---------- Excerpted data
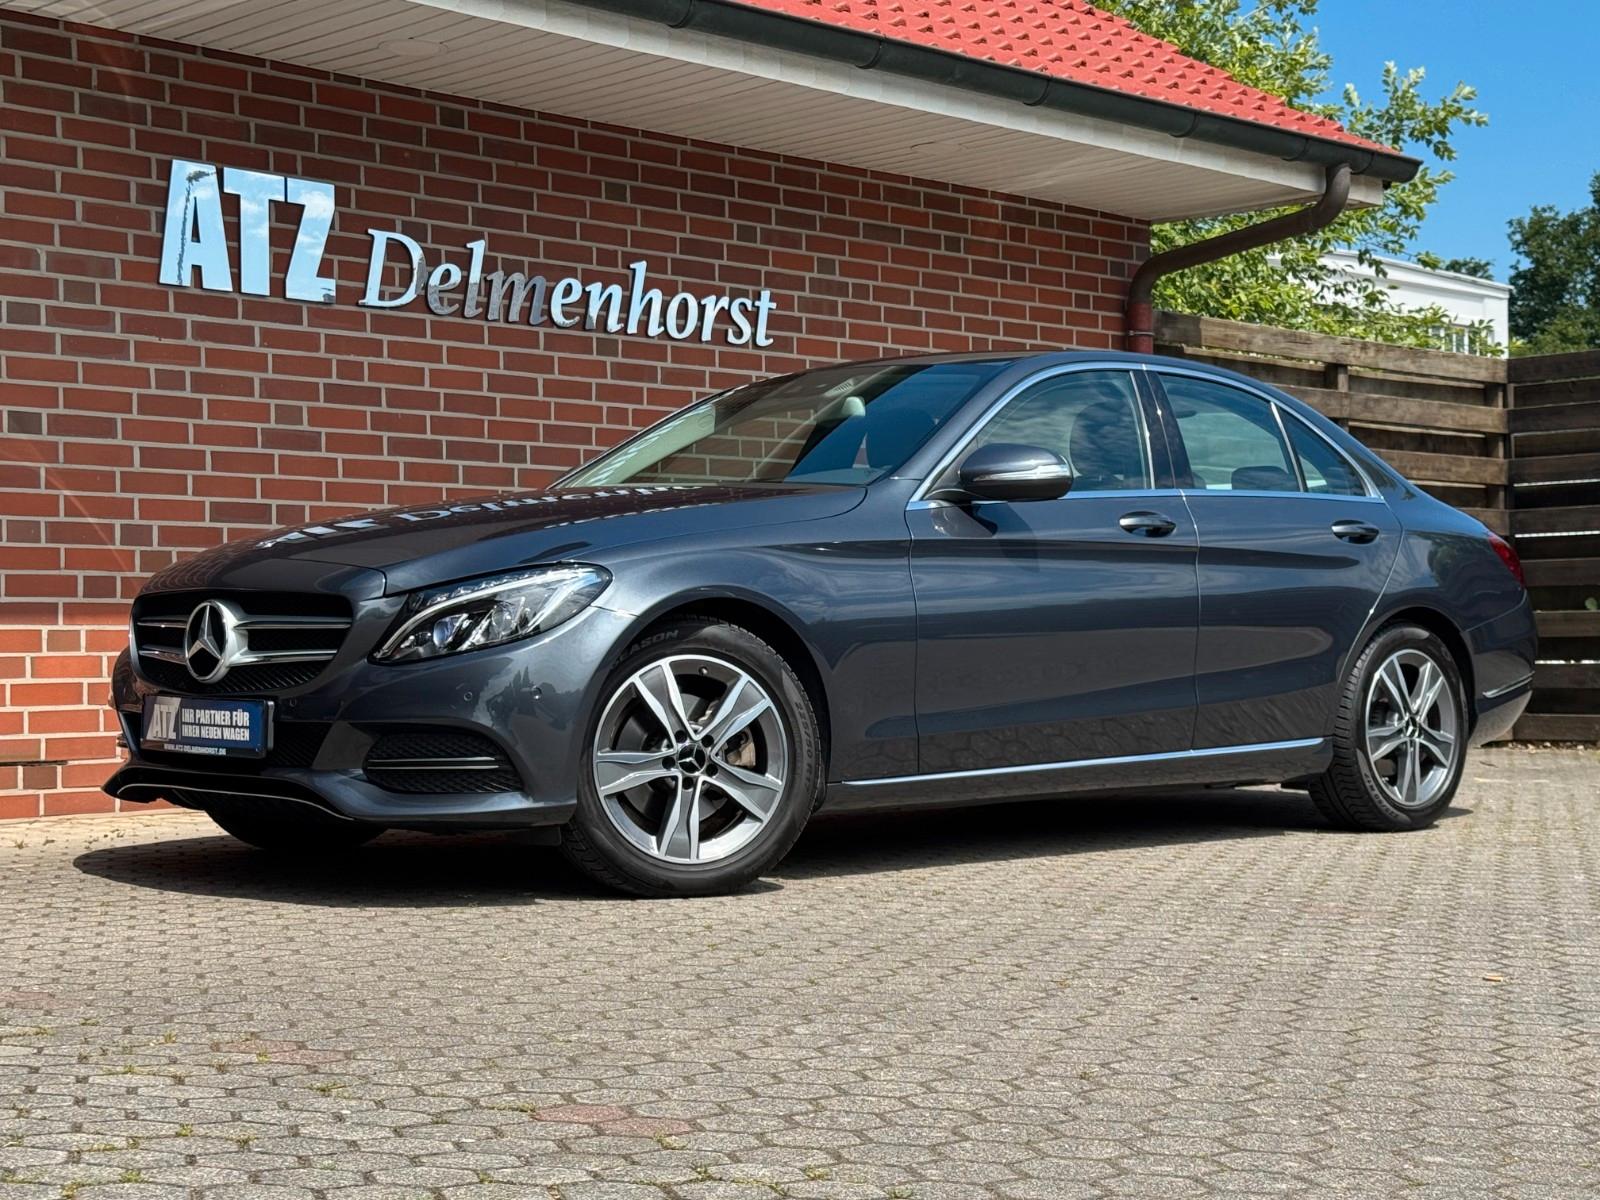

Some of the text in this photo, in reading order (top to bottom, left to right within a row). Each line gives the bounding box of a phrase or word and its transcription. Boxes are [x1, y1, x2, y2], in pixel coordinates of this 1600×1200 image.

[159, 158, 778, 348] ATZ Delmenhorst
[149, 703, 177, 740] ATZ
[182, 708, 250, 727] IHR PARTNER FÜR
[181, 724, 250, 742] IHREN NEUEN WAGEN
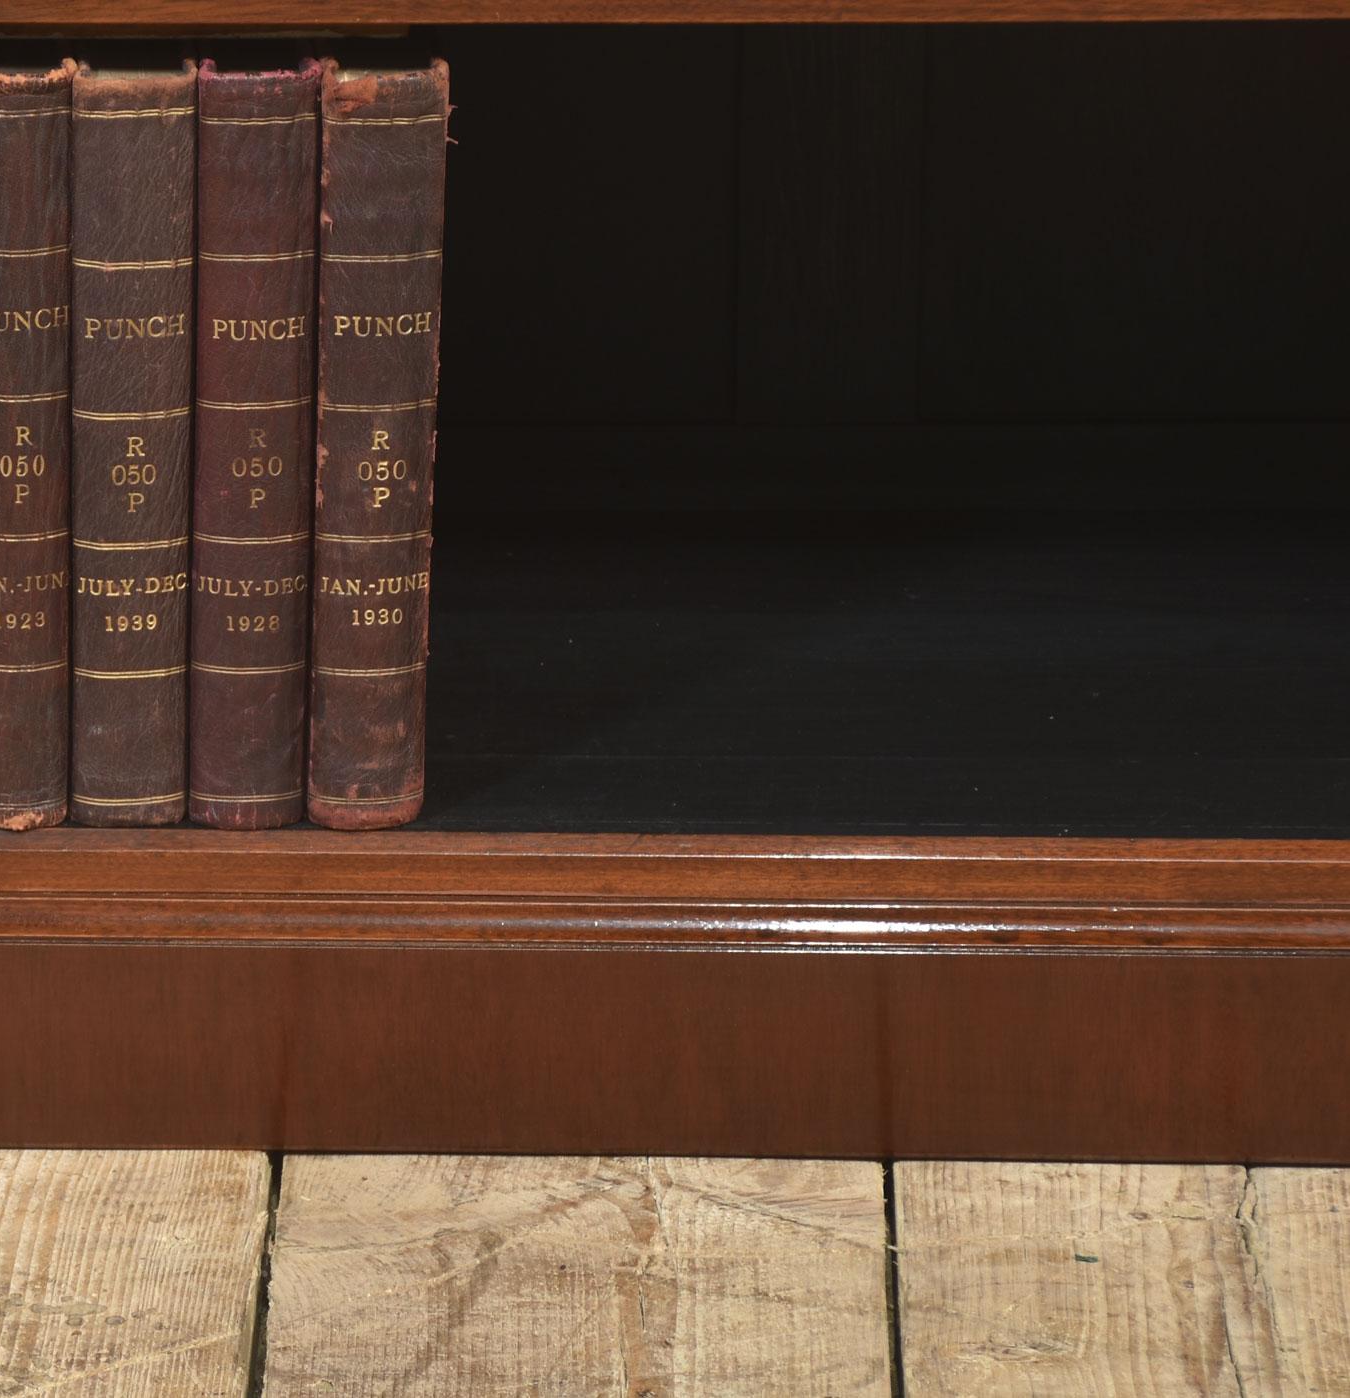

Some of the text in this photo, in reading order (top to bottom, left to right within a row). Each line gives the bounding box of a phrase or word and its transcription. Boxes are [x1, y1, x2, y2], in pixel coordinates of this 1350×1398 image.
--------------------
- Aim of the exercise: Above are records to transcribe exactly; leave their pictures out.

- Answer to this exercise:
Some of the text in this photo, in reading order (top to bottom, left to right within a row). Each line gives the bounding box of a phrase or word and its transcription. Boxes are [x1, y1, x2, y2], in pixel coordinates of this 1600×1200 image.

[159, 158, 778, 348] ATZ Delmenhorst
[149, 703, 177, 740] ATZ
[182, 708, 250, 727] IHR PARTNER FÜR
[181, 724, 250, 742] IHREN NEUEN WAGEN

Some of the text in this photo, in reading order (top to bottom, left to right within a row). Each line gives the bounding box of a phrase or word and its transcription. Boxes are [x1, y1, x2, y2], in pixel coordinates of this 1350×1398 image.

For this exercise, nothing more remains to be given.